Ingredients for Turkey rolls with parmesan pine nuts and sage risotto with lemon

AmountIngredient
4 pcs Turkey breast cutlet with 120 g approx
1 bunch Sage
50 g Pine nuts
25 g Parmesan cheese
1 pc Lemon
50 g coarse salt
300 grams Risotto rice
2 pcs Shallots, finely diced
50 ml Olive oil
100 ml dry white wine
500 ml Chicken broth
50 g Butter
25 g Freshly grated Parmesan
something Salt and pepper

Turkey rolls with parmesan pine nuts and sage risotto with lemon Directions

Preheat oven to 160 ° C. Turkey escalope between plastic wrap and then pat flat with sage, pine nuts and grated Parmesan and roll show. Secure with kitchen twine or a needle. Sauté turkey rolls around and bake at 160 ° C, 25 minutes in the oven ready.
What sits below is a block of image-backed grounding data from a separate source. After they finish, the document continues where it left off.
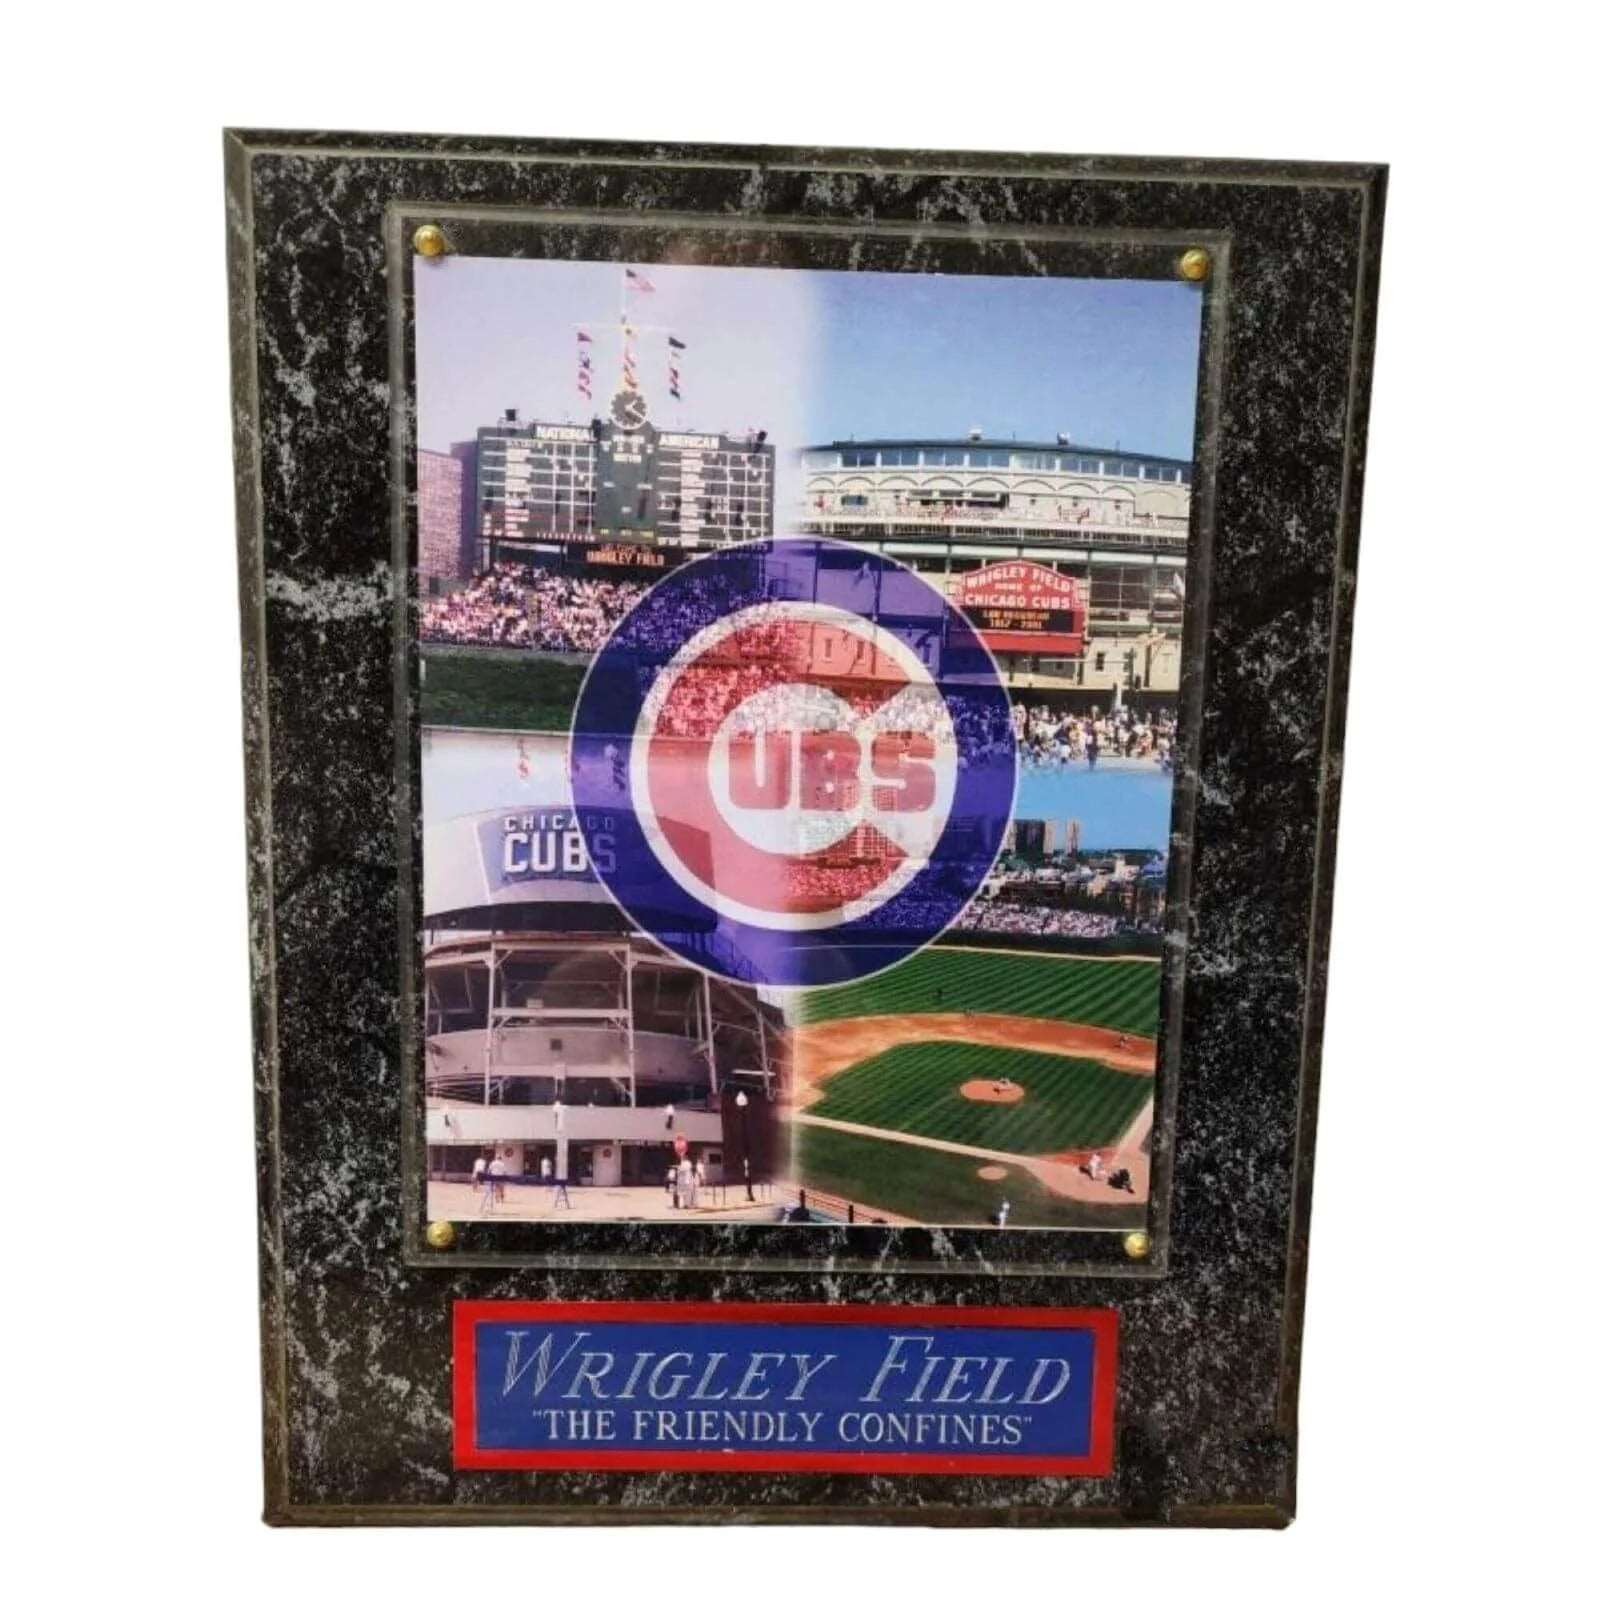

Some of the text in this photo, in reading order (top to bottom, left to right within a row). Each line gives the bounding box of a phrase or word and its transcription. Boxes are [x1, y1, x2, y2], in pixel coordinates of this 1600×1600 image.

[966, 566, 1071, 592] WRIGLEY FIELD
[965, 594, 1071, 609] CHICAGO CUBS
[504, 815, 614, 832] CHICAGO
[504, 831, 616, 873] CUBS
[532, 1409, 1032, 1445] "THE FRIENDLY CONFINES"
Sauté shallots in olive oil and rice and deglaze with white wine. Cooked, stirring frequently, gradually add chicken broth until the rice is soft, but is not. Butter subject, grated lemon zest and Parmesan. Risotto should have a creamy consistency.

Turkey rolls slice and arrange on risotto.

A recipe from TV celebrity chef Mario Kotaska, among others known from the series The professional chefs.